Doch Kämpfe sind nur ein Teil der Erfahrung. Mindestens genauso
wichtig ist der Aufbau des eigenen Monsterteams. Neue Begleiter erhält
man nicht durch klassisches Fangen. Stattdessen entdeckt man Eier in den
Nestern wilder Monster. Aus ihnen schlüpfen neue Monsties, deren
Eigenschaften sich über ein komplexes Gen-System beeinflussen lassen.

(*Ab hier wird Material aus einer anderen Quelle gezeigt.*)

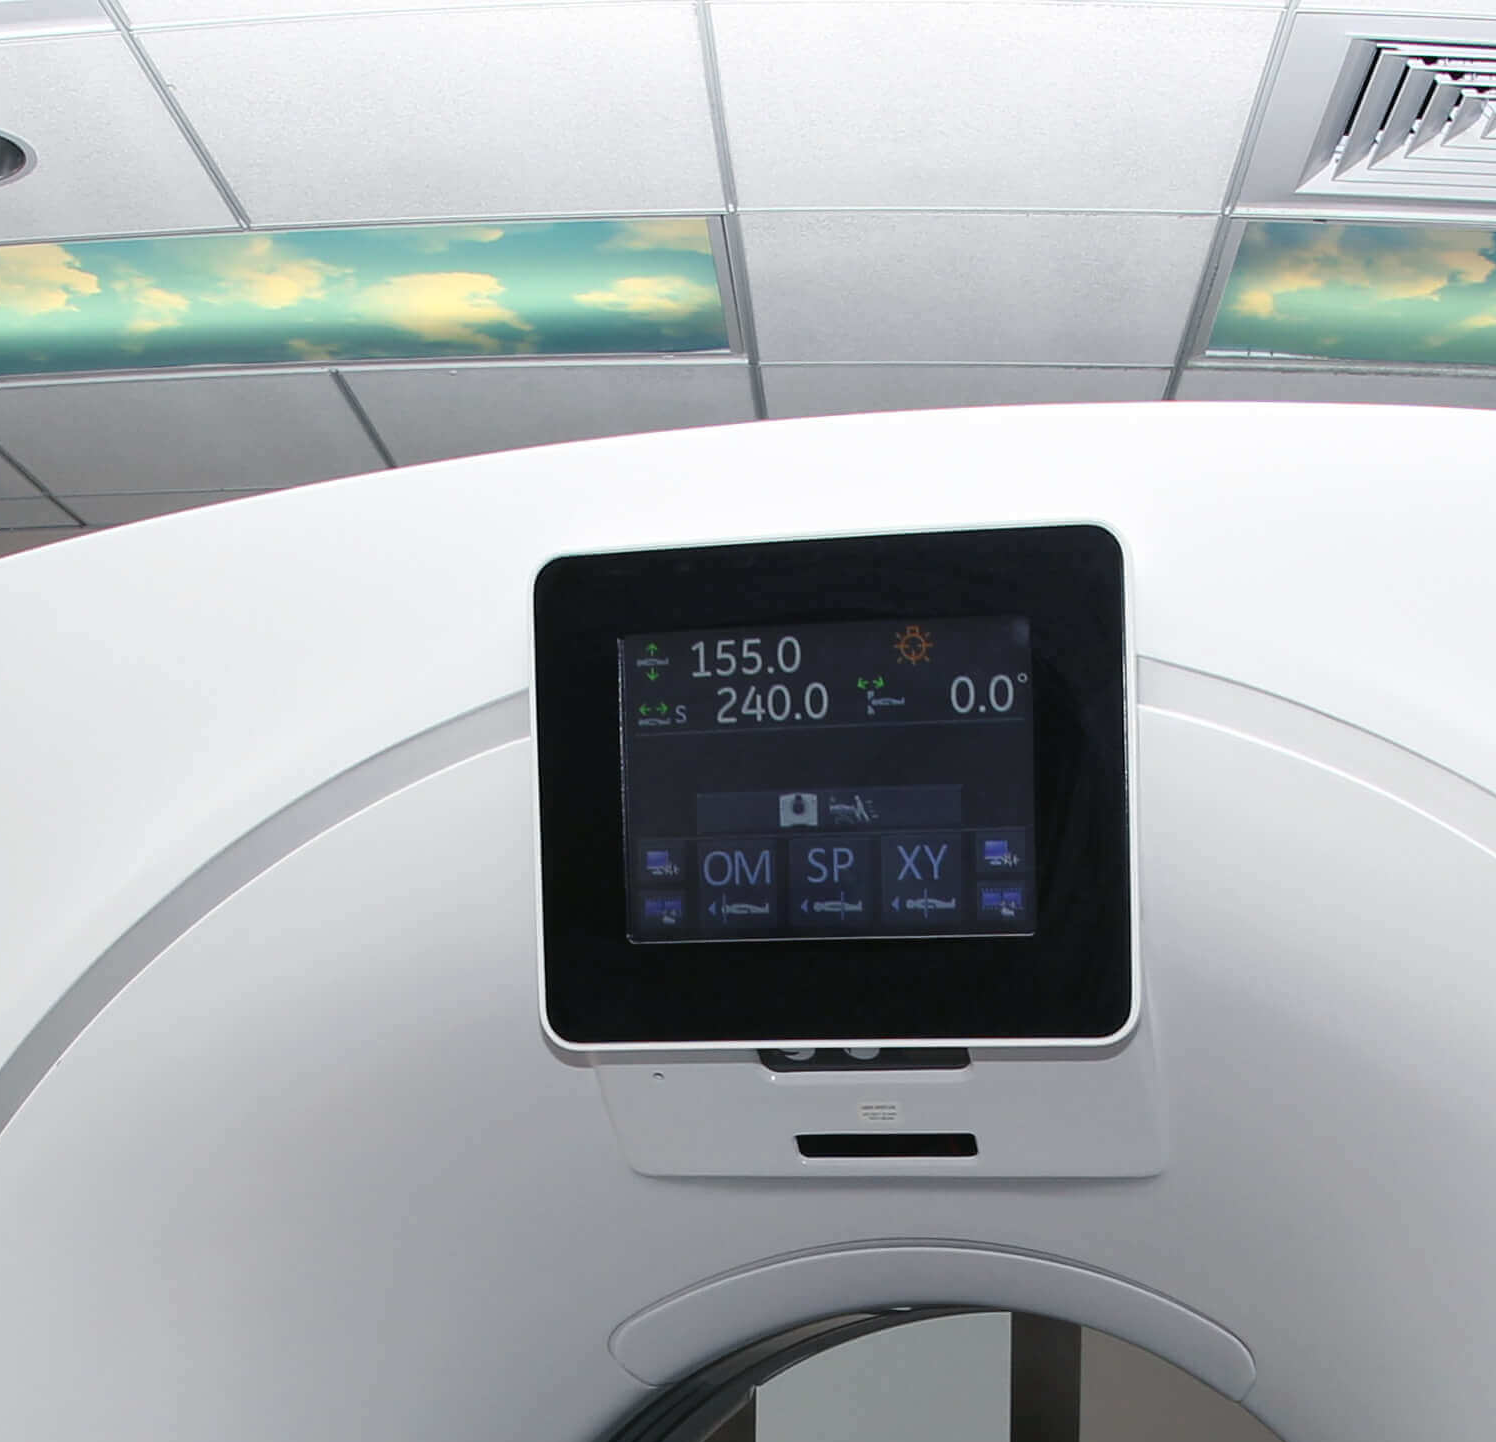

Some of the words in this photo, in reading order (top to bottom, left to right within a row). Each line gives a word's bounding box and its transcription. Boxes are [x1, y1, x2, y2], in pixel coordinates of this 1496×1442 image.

[690, 636, 802, 678] 155.0
[674, 704, 687, 724] S
[716, 682, 829, 724] 240.0
[703, 850, 772, 886] OM
[806, 847, 855, 883] SP
[896, 844, 948, 881] XY
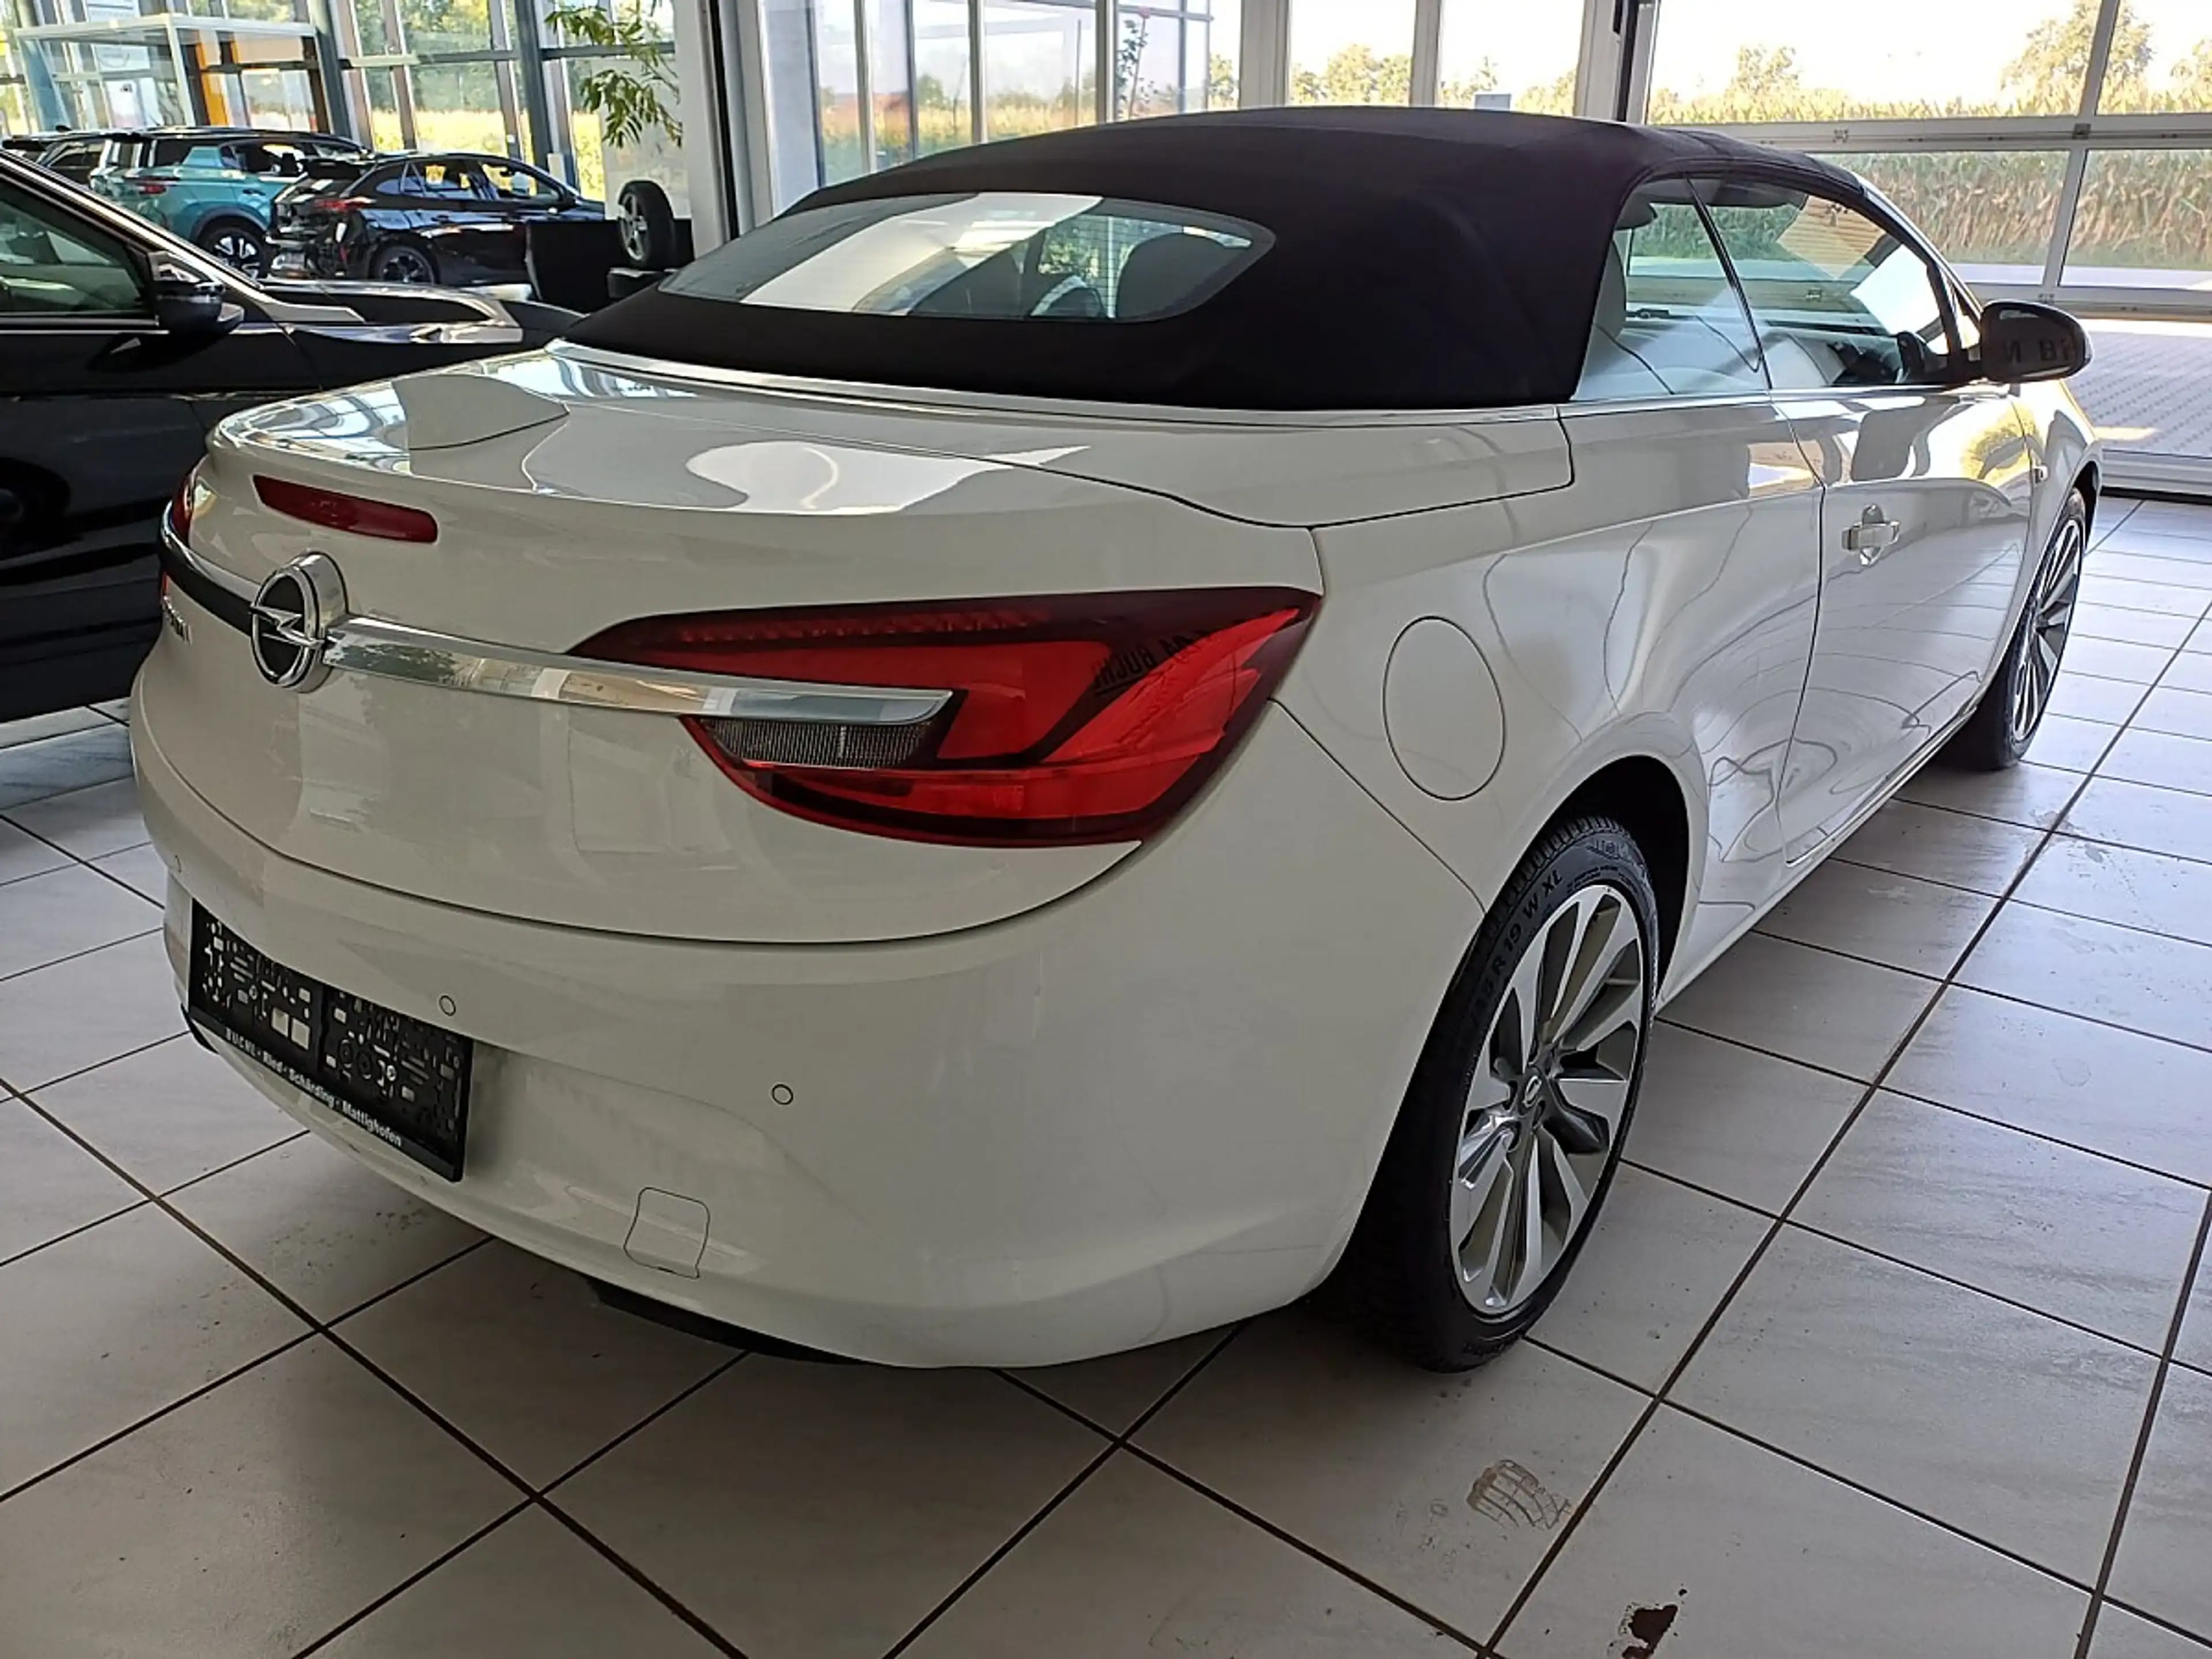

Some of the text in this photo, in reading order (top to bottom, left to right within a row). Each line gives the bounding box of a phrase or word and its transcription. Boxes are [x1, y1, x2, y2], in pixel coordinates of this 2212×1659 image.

[1505, 923, 1522, 952] 19
[1524, 893, 1539, 919] W
[1541, 869, 1563, 897] XL
[263, 1050, 283, 1074] Ried
[342, 1100, 402, 1147] Mattighofen

Fähigkeiten können übertragen, kombiniert und strategisch angepasst
werden.
Gerade dieses System sorgt dafür, dass Spieler erstaunlich viel Zeit
damit verbringen, ihre Monsties zu optimieren. Unterschiedliche Gene
eröffnen neue Fähigkeiten, seltene Varianten bringen besondere
Kombinationen mit sich. Wer experimentiert, entdeckt schnell, wie tief
dieses System tatsächlich reicht.
Die Rolle der Rangers, die Geheimnisse des Ei-Quarzes und die Frage nach dem Gleichgewicht zwischen Menschen und Monstern ziehen sich wie ein roter Faden durch das Abenteuer. Gerade diese Perspektive verleiht der Reihe ihre eigene Identität. Monster erscheinen hier nicht nur als Gegner oder Beute. Sie werden zu Begleitern, zu Transportmitteln, manchmal sogar zu Schlüsselfiguren der Handlung. Ein Rathalos ist nicht bloß ein Bossgegner. In »Monster Hunter Stories 3« wird er zum Symbol einer besonderen Verbindung zwischen Mensch und Monster.